(Text-to-region grounding data)
.....

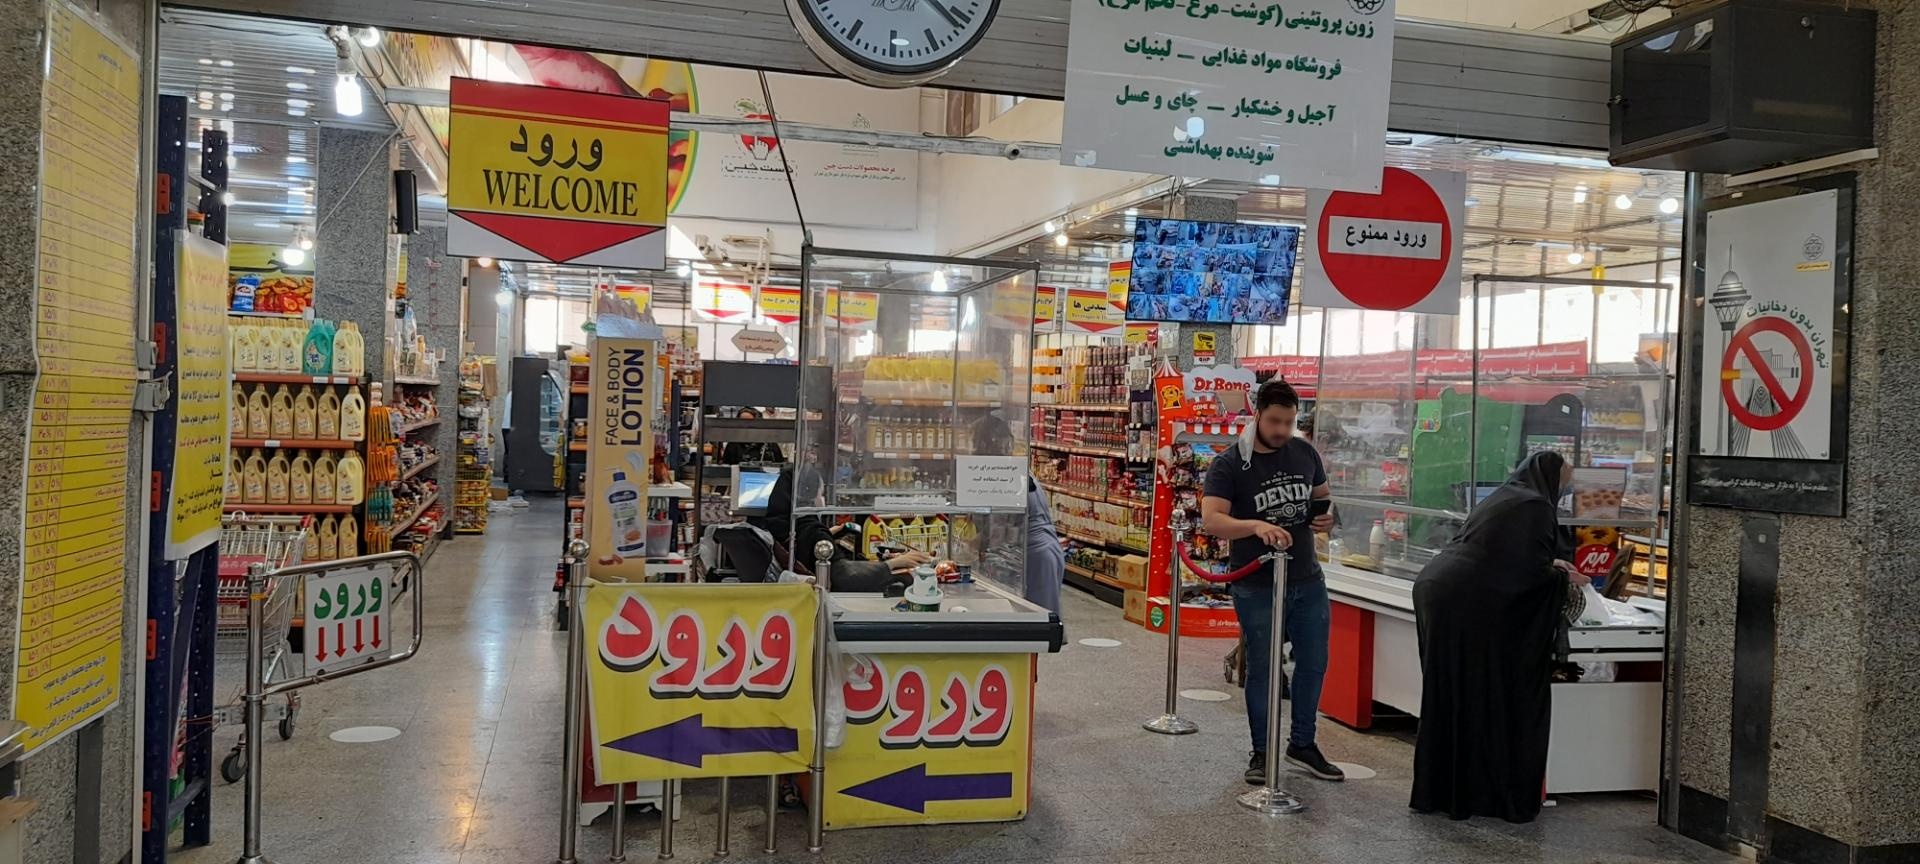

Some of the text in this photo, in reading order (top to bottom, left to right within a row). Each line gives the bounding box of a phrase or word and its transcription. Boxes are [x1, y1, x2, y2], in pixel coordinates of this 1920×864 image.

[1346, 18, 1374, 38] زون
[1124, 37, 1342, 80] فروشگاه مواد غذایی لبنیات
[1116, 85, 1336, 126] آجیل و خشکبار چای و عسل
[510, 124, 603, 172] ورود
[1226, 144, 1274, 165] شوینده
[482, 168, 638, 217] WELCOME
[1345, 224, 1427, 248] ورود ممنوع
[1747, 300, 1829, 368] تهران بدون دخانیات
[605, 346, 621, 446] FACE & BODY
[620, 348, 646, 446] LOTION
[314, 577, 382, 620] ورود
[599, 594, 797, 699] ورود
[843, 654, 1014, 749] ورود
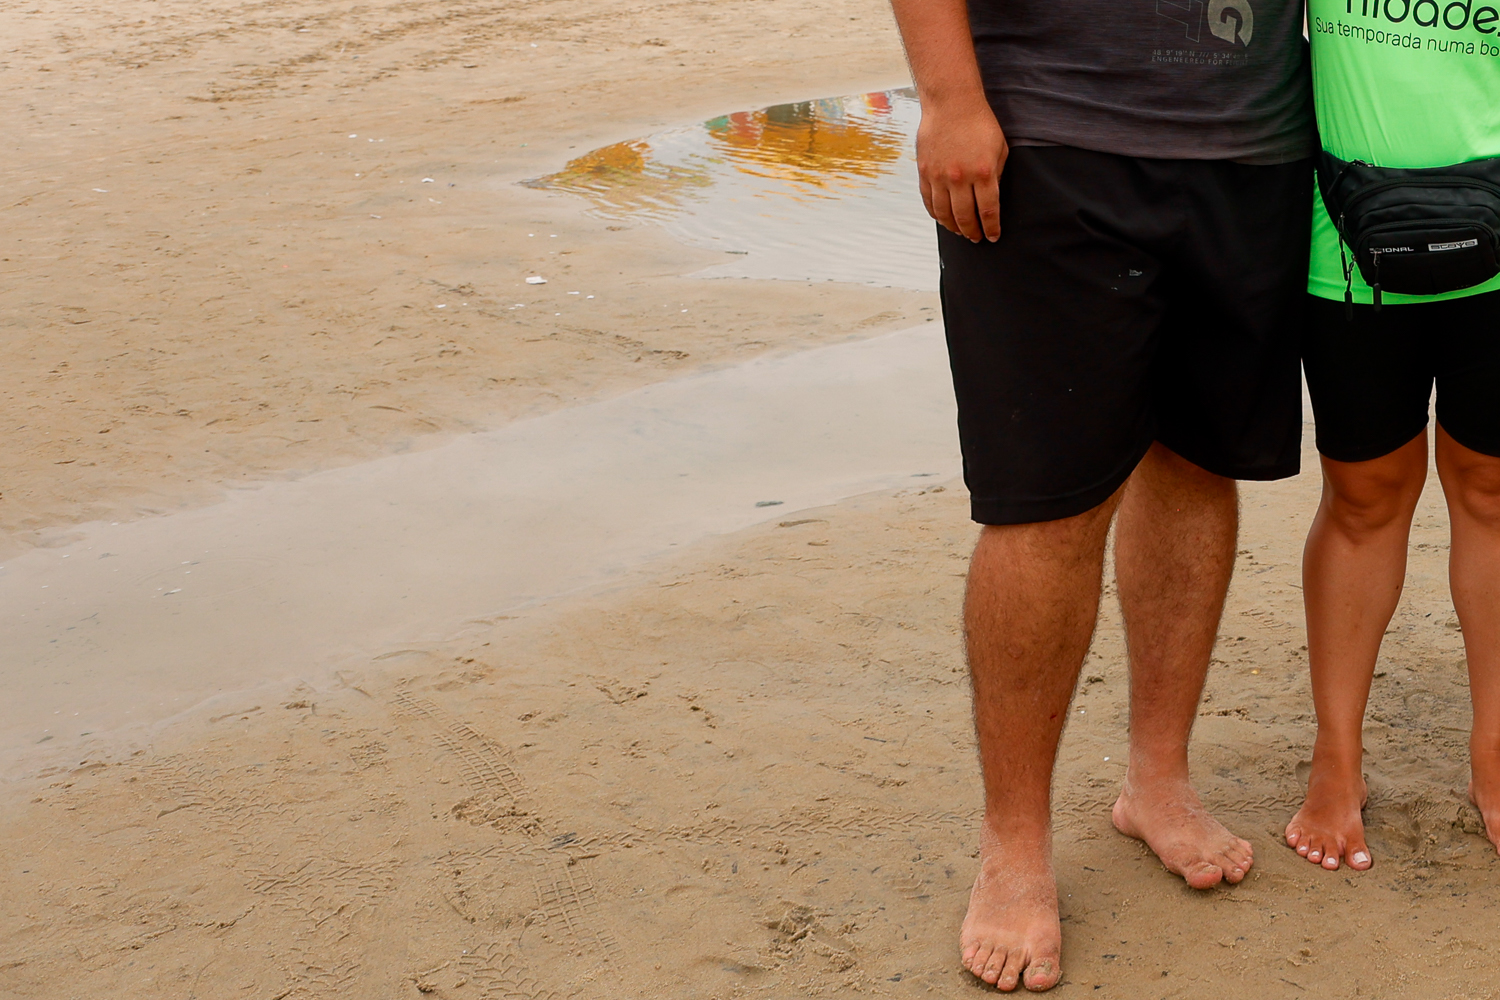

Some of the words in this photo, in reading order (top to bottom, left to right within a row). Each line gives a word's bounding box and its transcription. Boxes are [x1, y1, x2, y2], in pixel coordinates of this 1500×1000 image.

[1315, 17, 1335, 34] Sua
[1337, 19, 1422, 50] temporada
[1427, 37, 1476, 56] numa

.....

== AIM OF THE TASK ==
Nothing should appear in the output except the lines from the one with "Some of the words" through the end of the records above, copied exactly.

== ANSWER AREA ==
Some of the words in this photo, in reading order (top to bottom, left to right within a row). Each line gives a word's bounding box and its transcription. Boxes are [x1, y1, x2, y2], in pixel coordinates of this 1500×1000 image.

[1315, 17, 1335, 34] Sua
[1337, 19, 1422, 50] temporada
[1427, 37, 1476, 56] numa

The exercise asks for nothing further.